Афонька, идя за Оленой, подтягивал ей и тоже ревел в голос.
— Аль казнить ведете? — крикнул кто-то из народа, стоявшего на площади.
— Не. Казнить завтра поутру. Ведьму жечь будут в срубе.
— О! То надо всем повестить. То-то потеха! А коя та ведьма? Та что ль? — Парень указал на Олену. — Вишь крепкая!
— Не. Та вон, с тряпицей.
— Аль голодна, тряпку жует?
— Бесов скликать почала.
— Ах она окаянная! Так ей и надо, анафеме! Да и всем колдунам тож.
Как в темницу вошли, так подъячий тотчас велел всем, кого освободить сказали, забирать свою рухлядь и вон убираться.
Квасник и Емелька и сами ног под собой не чуяли, скорей бы только выбраться отсюда. А Афонька, как вошел, так среди избы стал и ревма ревел.
Квасник уж пожалел.
— Да ты што, скаженный, ревешь? Ведь свободить тебя велено. Идем домой.

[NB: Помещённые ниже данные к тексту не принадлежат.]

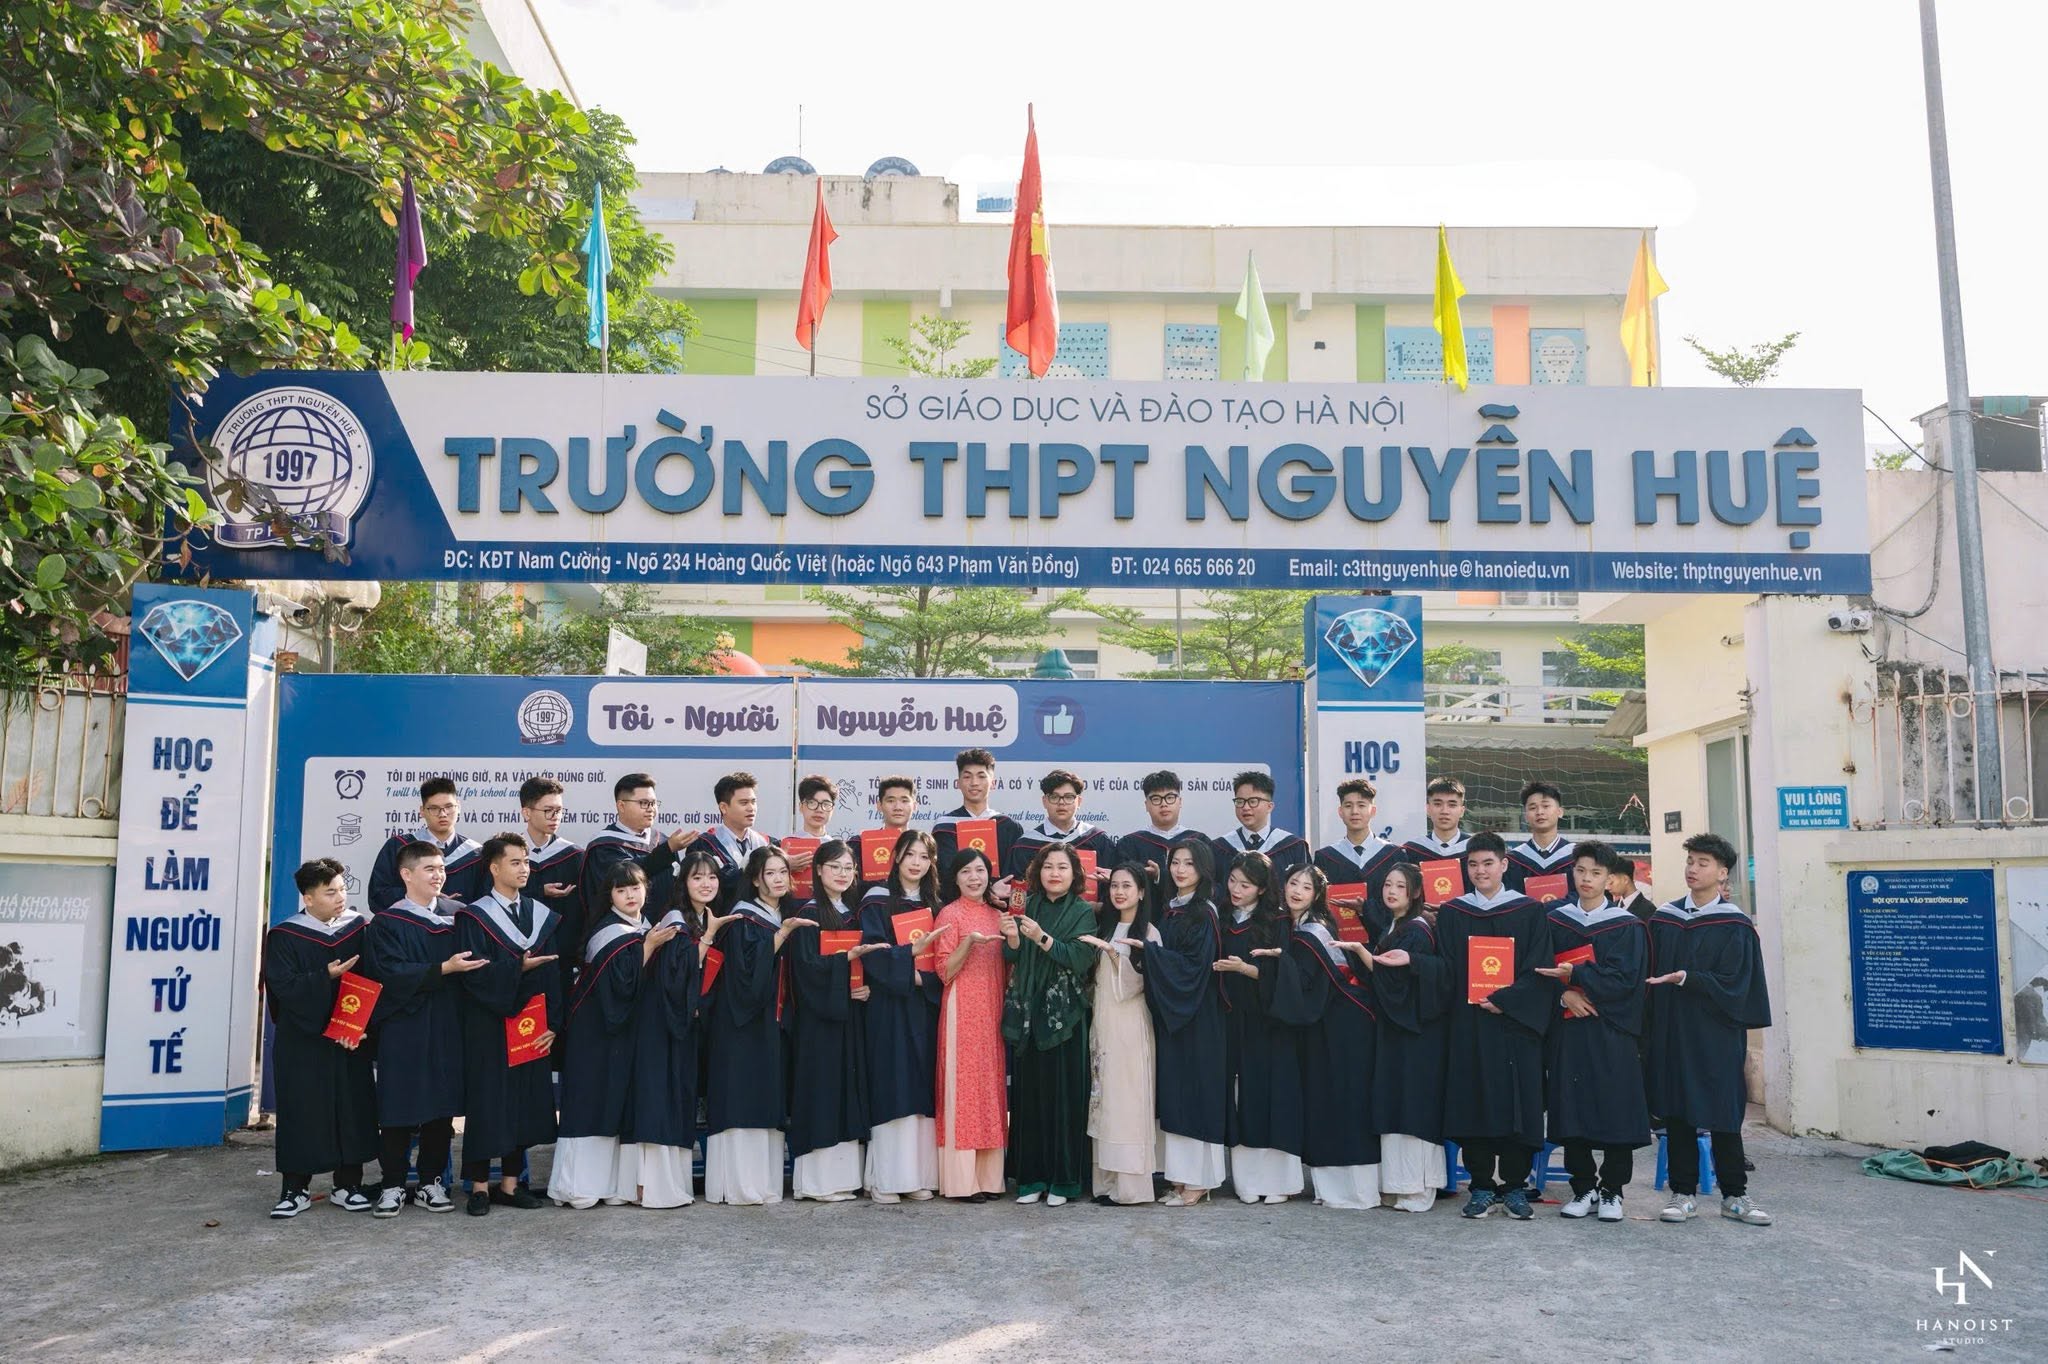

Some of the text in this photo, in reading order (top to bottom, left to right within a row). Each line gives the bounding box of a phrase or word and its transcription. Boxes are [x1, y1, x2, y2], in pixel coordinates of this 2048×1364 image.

— Домой? — повторил Афонька, не понимая, и со страхом оглянулся на подъячего.
— Иди, знай, чего стал — крикнул подъячий, и Афонька трусцой побежал за квасником, пугливо оглядываясь по сторонам.
— А ты чего села? — обернулся подъячий к Олене. Она как вошла, так и упала на лавку рядом с Ондрейкой и, обхватив его за шею, поверх колодки, горько плакала. А Ондрей сидел и все также молчал. Колодка мешала ему обнять жену. Он только глядел на нее горестно.